A Reasonable Doubt

I wrote two posts that I had intended on sharing up here. However, after mulling it over while mowing the grass, I have decided that it’s probably not the best time to post them. In fact, there may never be a good time to share them. One of them was me blowing off steam about a situation I recently had to deal with. I didn’t share any names or details because it wouldn’t be proper. I spoke in very general terms and after re-reading it several times, I decided that it was confusing and didn’t really accomplish what I had hoped it would. It ended up sounding like me whining. I do enough that already.

The second post was a collection of jumbled thoughts concerning liberty and freedom. It also touched upon the idea that none of us are 100% consistent with out beliefs. I am not totally abandoning it yet. I do need to think about it more and do a better job of organizing my stuff. Hopefully I will have it ready in a few days. We’ll see. What this means is that I am just writing off the top of my head this afternoon. Sometimes that works out great and sometimes…well…sometimes it doesn’t.

I just finished watching the three Paradise Lost documentaries. For those who may not be familiar with them, they tell the story of three Arkansas teenagers who were accused and subsequently convicted of murdering three eight year old boys. The documentaries suggest that the three teens were targeted because they had long hair and listened to heavy metal. Accusations of Satan worship and human sacrifice were made early on and persisted throughout the trials. The first film helped kick off a movement to free the West Memphis Three (as they were dubbed). Celebrities like Eddie Vedder, Natalie Maines, and Johnny Depp vocally supported them. Metallica (one of the bands mentioned in the trials) even loaned their music to all three films.

Many people (myself included) found themselves convinced that the three teens were the victims of a witch hunt. The West Memphis police department had been under scrutiny for not finding the murderer(s) and it seems as if they hastily (ans sloppily) threw together the case based upon a forced confession from one of the teens. I confess, even if the West Memphis Three are guilty, the three films introduced so much doubt that I would never be able to find them guilty. I’m not sure if that was the film maker’s original intent, but he sure accomplished it.

The three suspects ended up spending over eighteen years in prison before being released in 2011 after submitting controversial Alford pleas. This allowed them to maintain their innocence while acknowledging that there was enough evidence to convict them. In return, the state of Arkansas released them with suspended sentences with time served. Two of the accused did not want to enter the pleas but did so because the primary suspect was facing a death sentence and was out of appeals. It was the only was to guarantee that he would not be executed. The third film contains a scene where the state prosecutor actually says that they most likely would have been granted a new trial and they would probably be acquitted.

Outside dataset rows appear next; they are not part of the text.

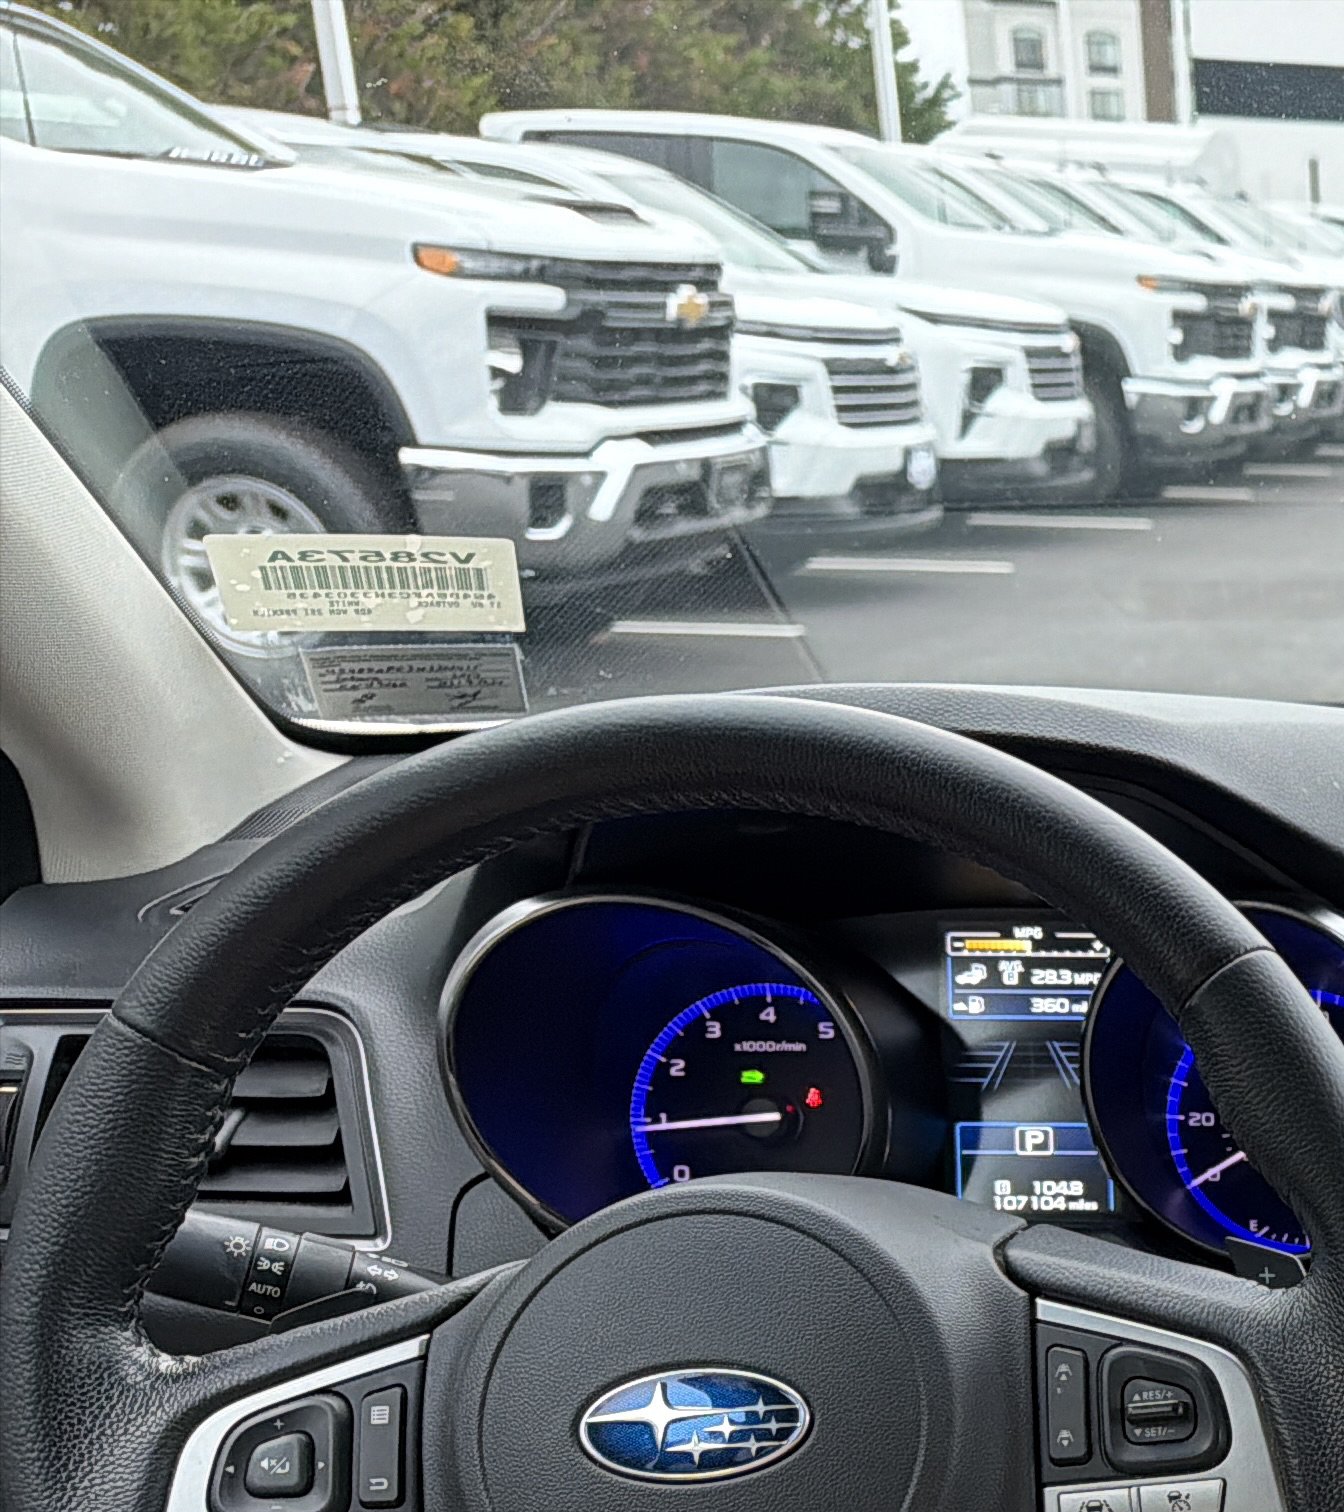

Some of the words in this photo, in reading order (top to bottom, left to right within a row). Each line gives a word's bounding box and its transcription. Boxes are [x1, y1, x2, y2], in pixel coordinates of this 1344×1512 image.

[1013, 926, 1043, 939] MPG
[1030, 997, 1069, 1013] 360
[759, 1006, 776, 1023] 4
[705, 1021, 721, 1038] 3
[817, 1021, 835, 1039] 5
[669, 1059, 686, 1076] 2
[1189, 1112, 1215, 1126] 20
[1024, 1130, 1045, 1153] P
[673, 1165, 690, 1181] 0
[1068, 1199, 1099, 1210] miles
[1249, 1219, 1259, 1232] E
[248, 1281, 281, 1298] AUTO

The films really do remind you that even at its best, the criminal justice system is flawed. It is one of the reasons that I no longer support the death penalty. I know that I am probably not 100% consistent in that belief but I have seen too many cases where the state messed up. Sometimes it was accidental, but I have to wonder how many times it is deliberate. I think the police knew that they didn’t have enough evidence against the West Memphis Tree but pursued it anyway because they knew they could hold up photos of three dead kids and play on the emotions of others. Another case that made me rethink my original stance was Cameron Todd Willingham. He was actually executed in Texas for supposedly murdering his two children. Later investigations revealed inconsistencies and negligence by the original investigators.

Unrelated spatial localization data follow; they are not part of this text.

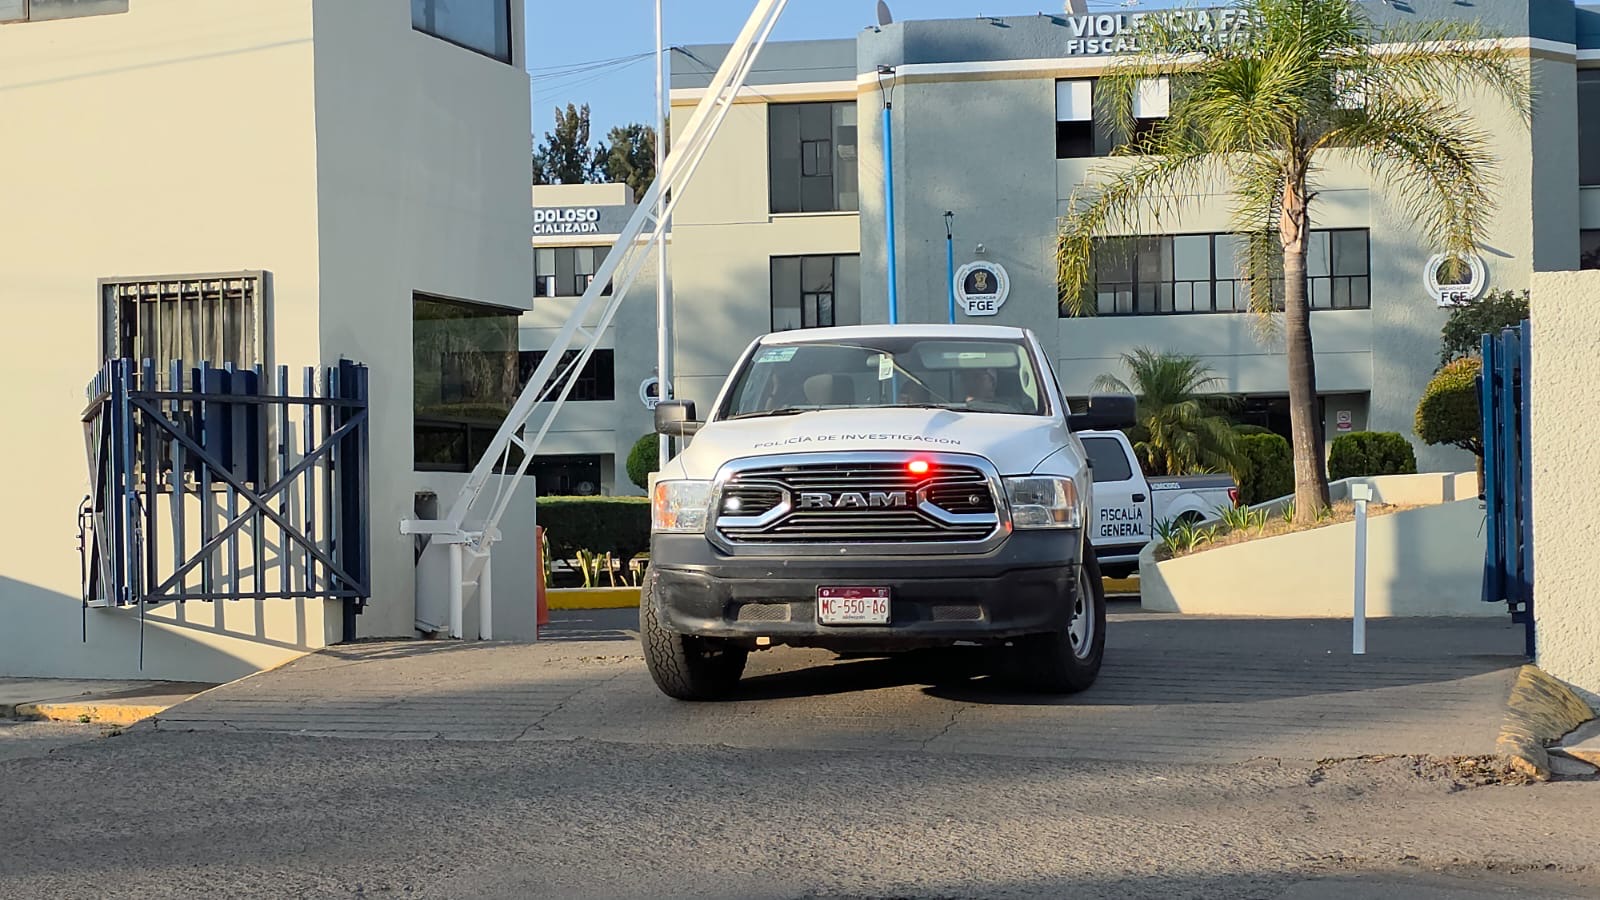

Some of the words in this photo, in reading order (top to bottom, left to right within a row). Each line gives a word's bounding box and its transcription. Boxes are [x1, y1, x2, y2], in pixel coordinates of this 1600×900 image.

[533, 208, 600, 223] DOLOSO
[533, 222, 600, 234] CIALIZADA
[1441, 291, 1471, 304] FGE
[968, 300, 994, 311] FGE
[800, 491, 907, 508] RAM
[1100, 504, 1143, 521] FISCALÍA
[1100, 522, 1145, 537] GENERAL
[822, 599, 887, 615] MC-550-A6

Things like that make me think a lot. We are constantly seeing convictions overturned and suspects released from prison after DNA evidence proves that they aren’t guilty. We know that some law enforcement officials and attorneys mess up. We know that some judges mess up. With those types of inconsistencies being exposed every day, I can longer feel comfortable when someone is executed. I know that some people believe that the Bible supports capital punishment and that God Himself ordains it. I agree with that to a certain extent, but given the flawed system at work here in America, I can’t in good conscience support it.

I not writing this in attempt to sway anyone to my opinion. These are my personal convictions and I believe we all have our own. I try my best to respect others, even when I disagree with them. That is all I ask in return.